Paper short abstract
Focusing on volcanic sand mining in Indonesia, this paper argues that dominant Just Transition frameworks prioritise carbon-based metrics, excluding informal extractive workers facing climate risk. Using a political ecology lens, it calls for pluralised, locally grounded transition pathways.
Paper long abstract
The Just Transition (JT) framework has gained significant traction as a central policy response to the climate crisis. Institutionalised through international agreements such as the Paris Agreement, JT has increasingly been framed around decarbonisation, energy transition, and carbon-intensive industries. However, does it meaningfully serve vulnerable communities, particularly informal workers and rural populations who are not part of energy- and carbon-intensive industries? Yet these groups are also heavily affected by climate change.
Drawing on Rob Nixon’s concept of slow violence and a political ecology lens, this paper argues that volcanic sand mining on the slopes of Mount Merapi in Magelang, Indonesia, constitutes a form of cumulative environmental harm that remains politically normalised and largely invisible within dominant JT frameworks. While JT policies prioritise carbon-intensive sectors such as coal, where declining economic value enables formal transition pathways, sand extraction remains central to development, rendering its environmental and labour harms structurally indispensable rather than transitional. This aligns with market-driven and technocratic transition logics, which reproduce epistemic and economic hierarchies that exclude informal extractive workers whose livelihoods are environmentally destructive yet essential to state-led development.

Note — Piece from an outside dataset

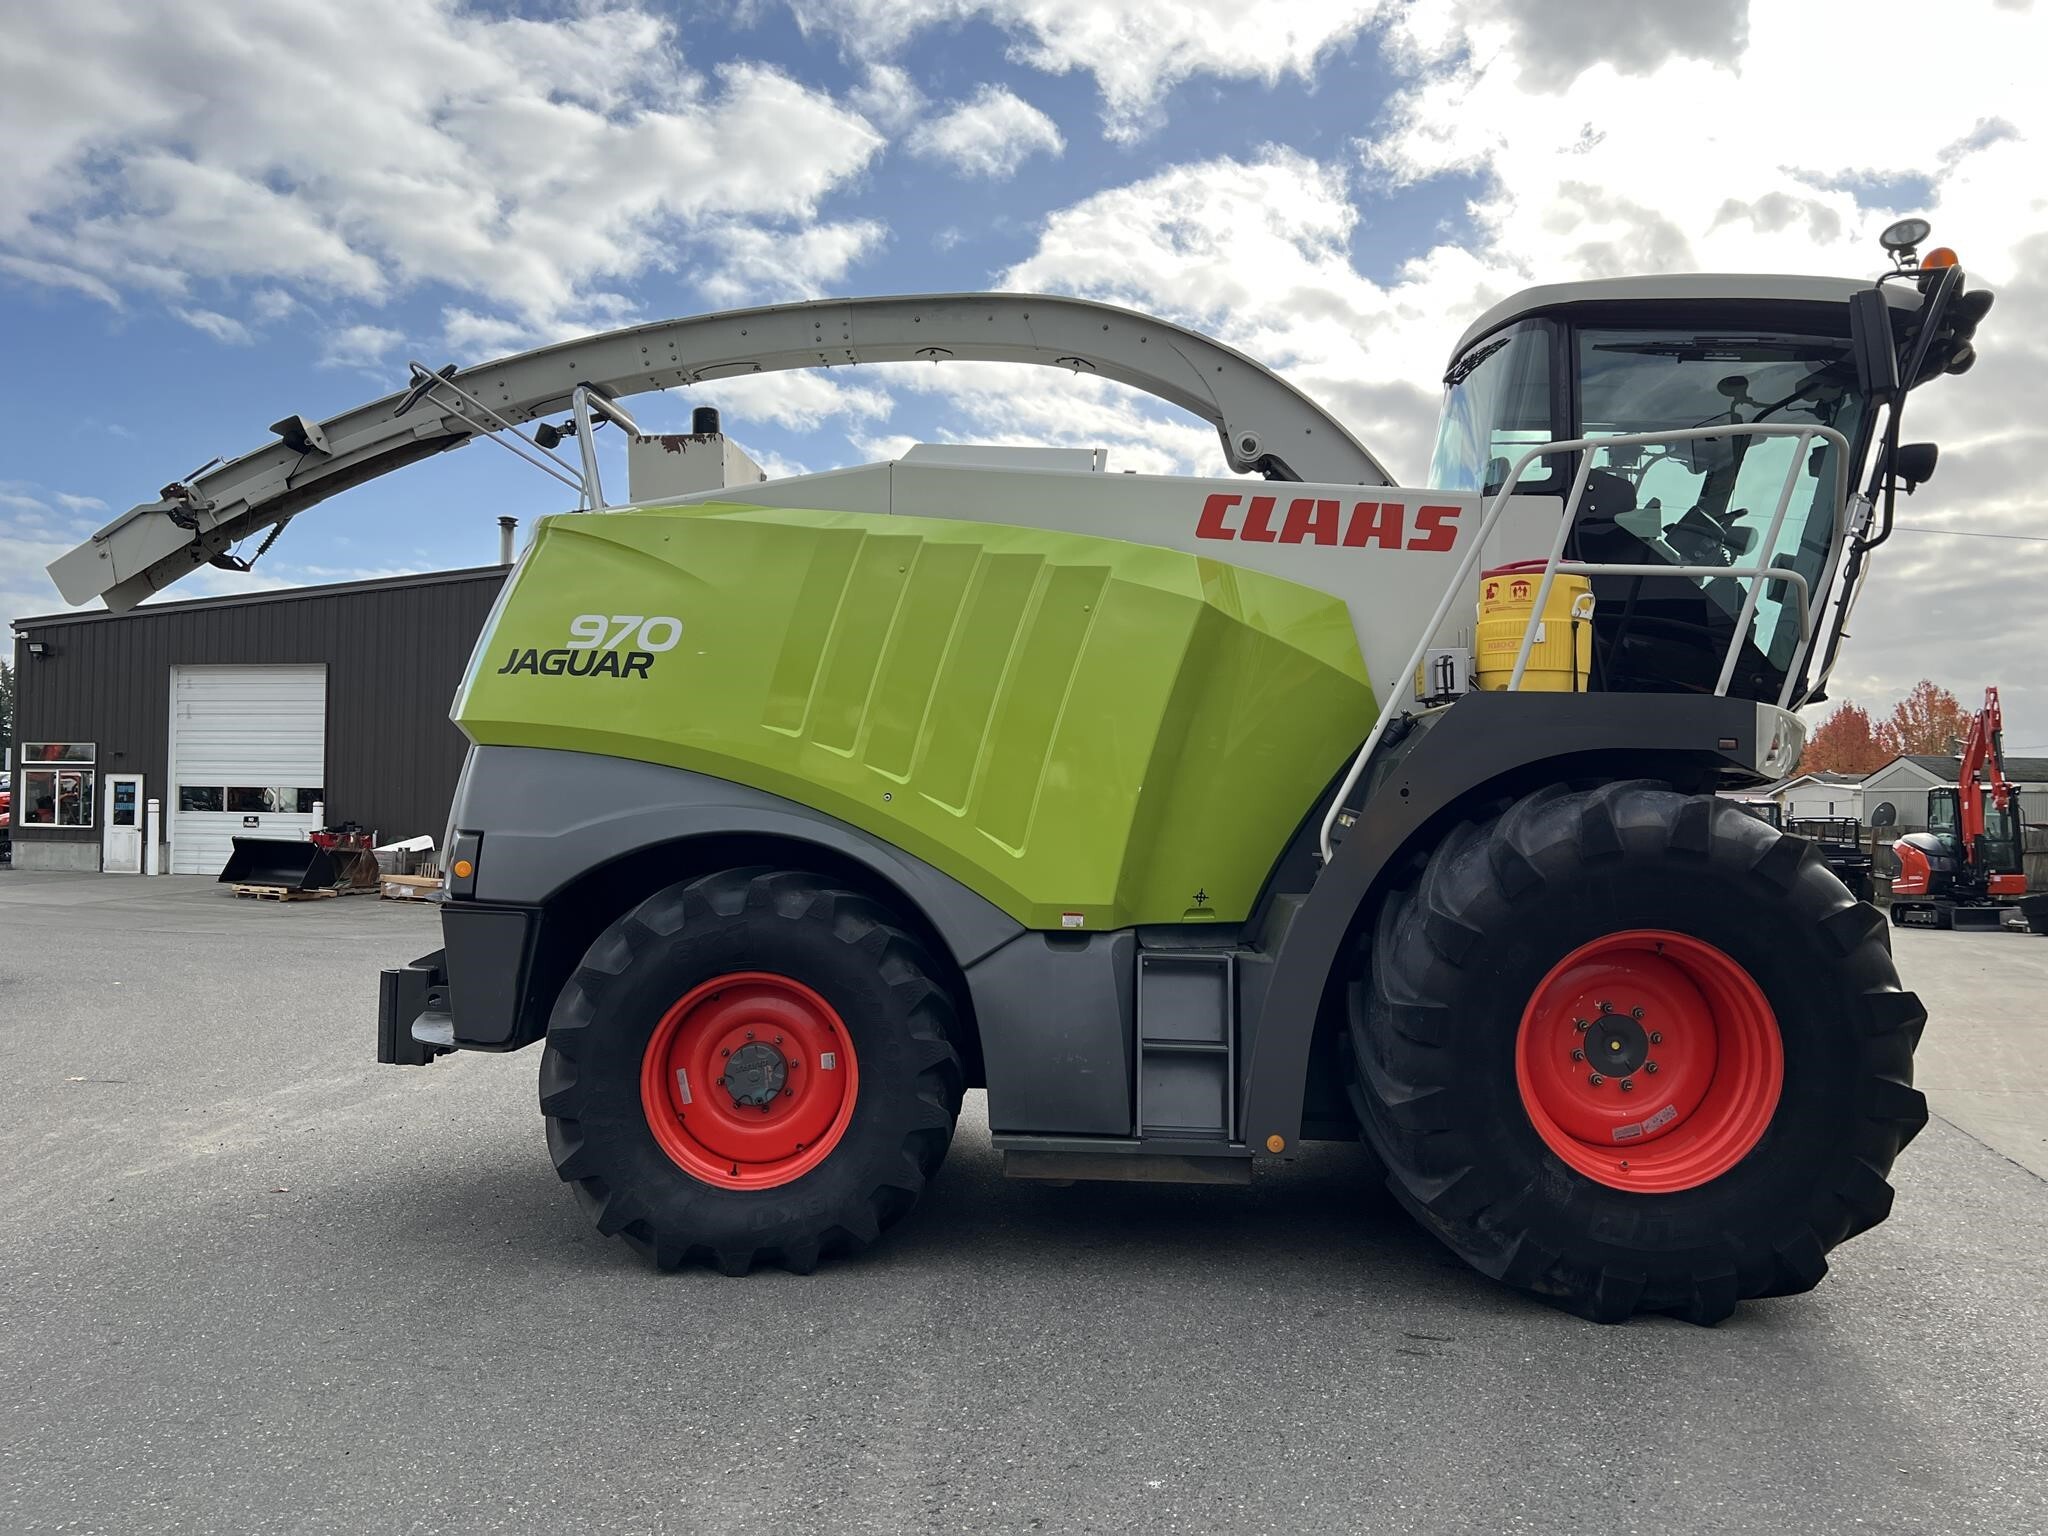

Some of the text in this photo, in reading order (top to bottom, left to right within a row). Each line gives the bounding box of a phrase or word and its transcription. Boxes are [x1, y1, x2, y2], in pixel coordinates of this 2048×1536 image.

Through a qualitative analysis of policy documents and discourses, as well as secondary sources, the paper demonstrates how the implementation of the existing JT framework minimises, if not closes, transition pathways for rural populations and informal workers who face increasing climate risk without access to institutional support. This paper therefore calls for a pluralised, locally grounded understanding of just transition.